/MIST

As supporting code for the study "MIST: Multiple Instance Learning Network Based on Swin Transformer for WSI Classification of Colorectal Adenomas".

Primary LanguagePython

MIST

As supporting code for the study "MIST: Multiple Instance Learning Network Based on Swin Transformer for WSI Classification of Colorectal Adenomas".

Install Python-related packages

  $ pip install -r requirements.txt

Download Swin Transformer's pre-trained model on ImageNet

  $ git clone https://github.com/SwinTransformer/storage/releases/download/v1.0.0/swin_tiny_patch4_window7_224.pth

Move the downloaded pre-trained model into the simclr_swin/pretrain_model folder.

If you would like to use APEX to speed up your training, go to "https://github.com/NVIDIA/apex" to download the related documents.
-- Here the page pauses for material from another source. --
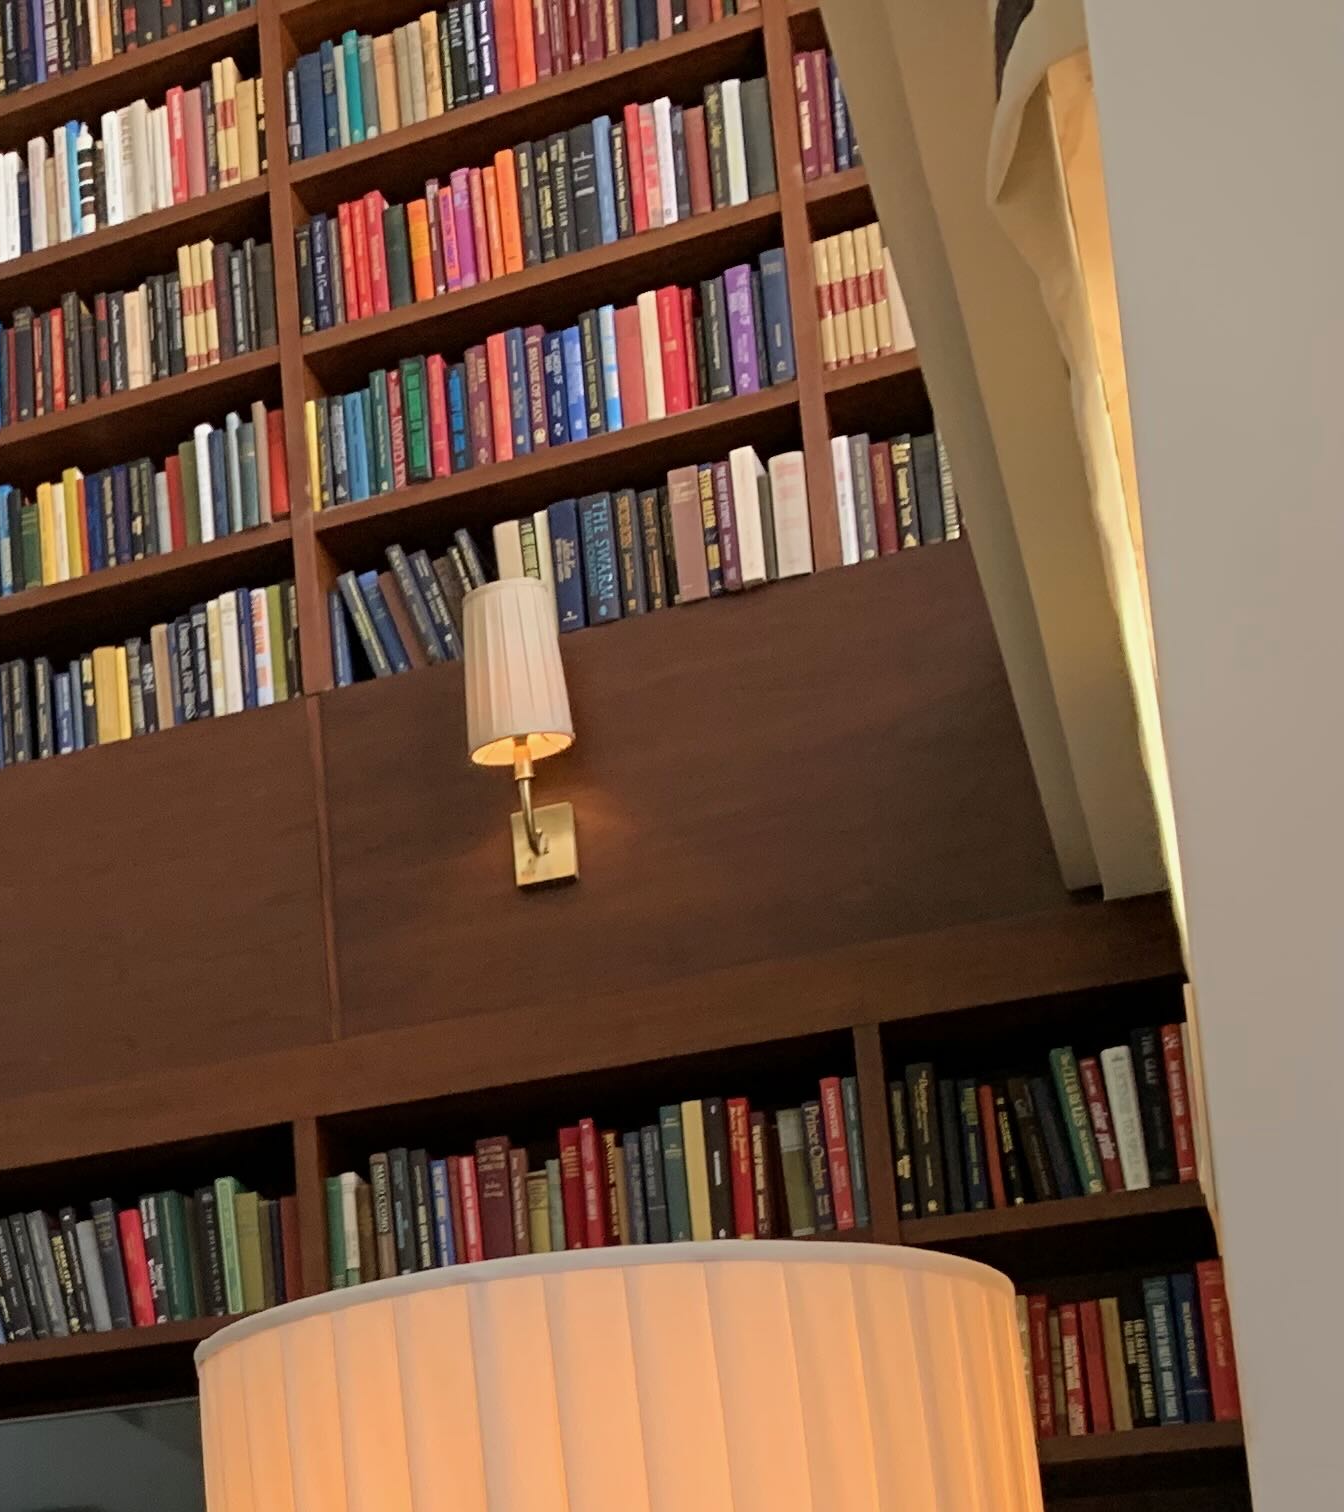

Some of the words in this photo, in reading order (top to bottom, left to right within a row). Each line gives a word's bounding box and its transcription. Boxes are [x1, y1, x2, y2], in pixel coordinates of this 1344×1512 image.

[592, 498, 609, 533] THE
[596, 539, 615, 601] SWARM
[804, 1105, 819, 1144] Prince
The file structure of the colorectal adenoma WSIs data is as follows

root
|-- WSI
|   |-- Ade
|   |   |-- CLASS_1
|   |   |   |-- SLIDE_1.svs
|   |   |   |-- ...
|   |   |-- CLASS_2
|   |   |   |-- SLIDE_1.svs
|   |   |   |-- ...
|   |   |-- CLASS_3
|   |   |   |-- SLIDE_1.svs
|   |   |   |-- ...
|   |   |-- CLASS_4
|   |   |   |-- SLIDE_1.svs
|   |   |   |-- ...
|   |   |-- CLASS_5
|   |   |   |-- SLIDE_1.svs
|   |   |   |-- ...
|   |   |-- CLASS_6
|   |   |   |-- SLIDE_1.svs
|   |   |   |-- ...

Cut WSIs

  $ python crop_patches.py -m 0 1 -b 5

Once the above script has finished running, pyramid folder will appear.

root
|-- WSI
|   |-- Ade
|   |   |-- pyramid
|   |   |   |-- CLASS_1
|   |   |   |   |-- SLIDE_1
|   |   |   |   |   |-- PATCH_LOW_1
|   |   |   |   |   |   |-- PATCH_HIGH_1.jpeg
|   |   |   |   |   |   |-- ...
|   |   |   |   |   |-- ...
|   |   |   |   |   |-- PATCH_LOW_1.jpeg
|   |   |   |   |   |-- ...
|   |   |   |   |-- ...
|   |   |   |-- ...

Split the dataset by a ratio of 7:3

  $ python split_dataset.py

The validation set is divided into the WSI/Ade_val folder

Self-supervised contrastive learning

  $ cd simclr_swin

Train the low magnification embedder

  $ python run.py --multiscale=1 --level=low

Train the high magnification embedder

  $ python run.py --multiscale=1 --level=high

Once the self-supervised contrastive learning training is complete, two folders will appear under the./simclr_swin/runs folder for storing the model.We rename them swinhigh and swinlow.

Embedding phase

  cd ..
  $ python compute_feats.py --dataset Ade --num_classes 6 --backbone swintransformer --magnification tree --weights_high swinhigh --weights_low swinlow
  $ python compute_feats.py --dataset Ade_val --num_classes 6 --backbone swintransformer --magnification tree --weights_high swinhigh --weights_low swinlow

Once the above script has been run,Ade and Ade_val folder will appear inside datasets folder.

root
|-- datasets
|   |-- DATASET_NAME
|   |   |-- CLASS_1
|   |   |   |-- SLIDE_1.csv
|   |   |   |-- ...
|   |   |-- CLASS_2
|   |   |   |-- SLIDE_1.csv
|   |   |   |-- ...
|   |   |-- ...
|   |   |-- CLASS_1.csv
|   |   |-- CLASS_2.csv
|   |   |-- ...
|   |   |-- Ade.csv

An "embedder" folder will also appear to store the embedder.

root
|-- embedder
|   |-- DATASET_NAME
|   |   |-- swintransformer-m-embedder-high.pth
|   |   |-- swintransformer-m-embedder-low.pth

Train the multiple instance learning aggregator

  $ python train_ade.py

If you want to train a model with a weight sampler, run the following script

  $ python train_ade_weightedSampler.py

Once the above script has been run, a weights will appear to store the trained MIST model.

Test the model

Firstly, the embeddings of the validation set is obtained according to the above steps.Then run the following script.

  $ python test_model.py --dataset Ade_val --model_path ./weights/swin/1.pth

Once the above script is completed, the files related to the result will appear in the inference folder.

root
|-- inference
|   |-- test_cm.png
|   |-- test_PRcurve.png
|   |-- test_pred.csv
|   |-- test_ROC.png

Interpretability of the model

  $ cd cam
  $ python grad_cam_swin.py

Once the above code is run, the result will appear in the ./cam/img folder.